Actor Jim Neighbors finds happiness in his Hawaiian home
These days, Jim Nabors is 39 years and 2,390 miles away from his days serving as America’s favorite U.S. Marine private on television’s Gomer Pyle, U.S.M.C.
“Hawaii is very Eden-esque. I really appreciate it more every day,” he says with only a trace of Pvt. Pyle’s trademark “Gawwwwl-lee!” accent from his 100-year-old plantation-style home in Diamond Head on the Hawaiian island of Oahu, where steps run all the way down from his yard to the crystal blue waters of the Pacific Ocean.
Nabors’ love affair with the 50th state began on vacations he took during the 1960s, at the height of his TV fame. In 1976, he sold his house in Bel Air, Calif., and moved to the islands permanently. He’s been there ever since.
“I’ve met more interesting people here than I ever did in Hollywood,” he explains. Unlike many actors who feel “trapped” by a single role that made them famous, Nabors is comfortable in acknowledging the homespun Marine private who brought him acclaim and success beyond his dreams.
“I have never tried to rid myself of it. I love the character I did,” says Nabors, 77. “Gomer was probably one of the nicest people in the world.”
The same could be said of the man who played him.
A lot like Gomer
“The one thing Jim has in common with Gomer is his kindness,” says actress and comedienne Carol Burnett, Nabors’ longtime friend, who named him godfather to her daughter Jody. “He loves people and is very gregarious. But he is also very smart. Not that Gomer wasn’t, but Jim isn’t naive. He keeps his eye on things.”
Keeping watch is a big part of how Nabors now spends his days. First thing each morning, he checks in on his numerous investments and the operation of a 500-acre macadamia nut and flower farm on the neighboring island of Maui that he owned for 25 years before selling it several years ago to the National Tropical Botanical Gardens, a preservationist organization.
“I always wanted it to be taken care of and end up being a park,” says Nabors, who retains lifetime farming rights to the land and maintains a second residence on the property. Then it’s lunch at a local restaurant, a nap, and a dip in the ocean or a walk along the beach.

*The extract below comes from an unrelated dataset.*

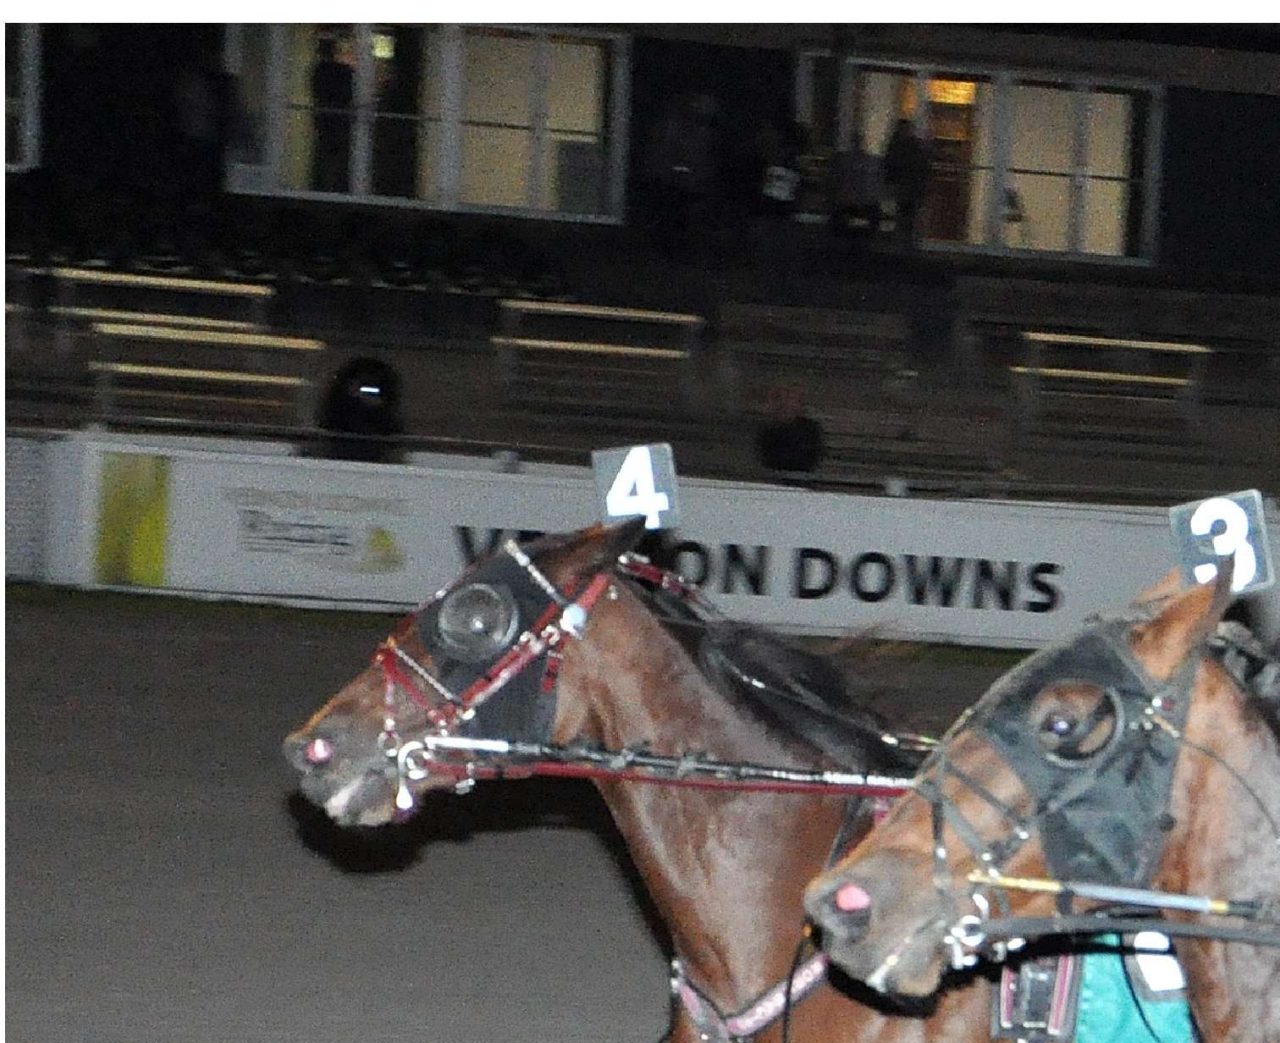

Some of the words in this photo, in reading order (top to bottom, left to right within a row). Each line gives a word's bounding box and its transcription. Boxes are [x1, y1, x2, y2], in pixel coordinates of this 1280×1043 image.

Nabors considers himself retired from show business, with the exception of singing “Back Home Again in Indiana” each year at the Indy 500. And with Hawaii operating as a command center for America’s military presence in the Pacific, he’s often Johnny-on-the-spot when functions require a performance of “The Star Spangled Banner.” For residents of his adopted home state, he has hosted an annual gala each year for the last decade, donating his time and talents to the event.
Finding his voice
Born in Sylacauga, Ala., to Mavis and Fred Nabors, he and his two older sisters were close, although the family didn’t have a lot of money and often just scraped by.
“As a young boy he was sick most of the time,” recalls his sister Freddie Danelutt, who still resides in Alabama. “He had asthma really bad, but he was always fun-loving and a sweet boy.”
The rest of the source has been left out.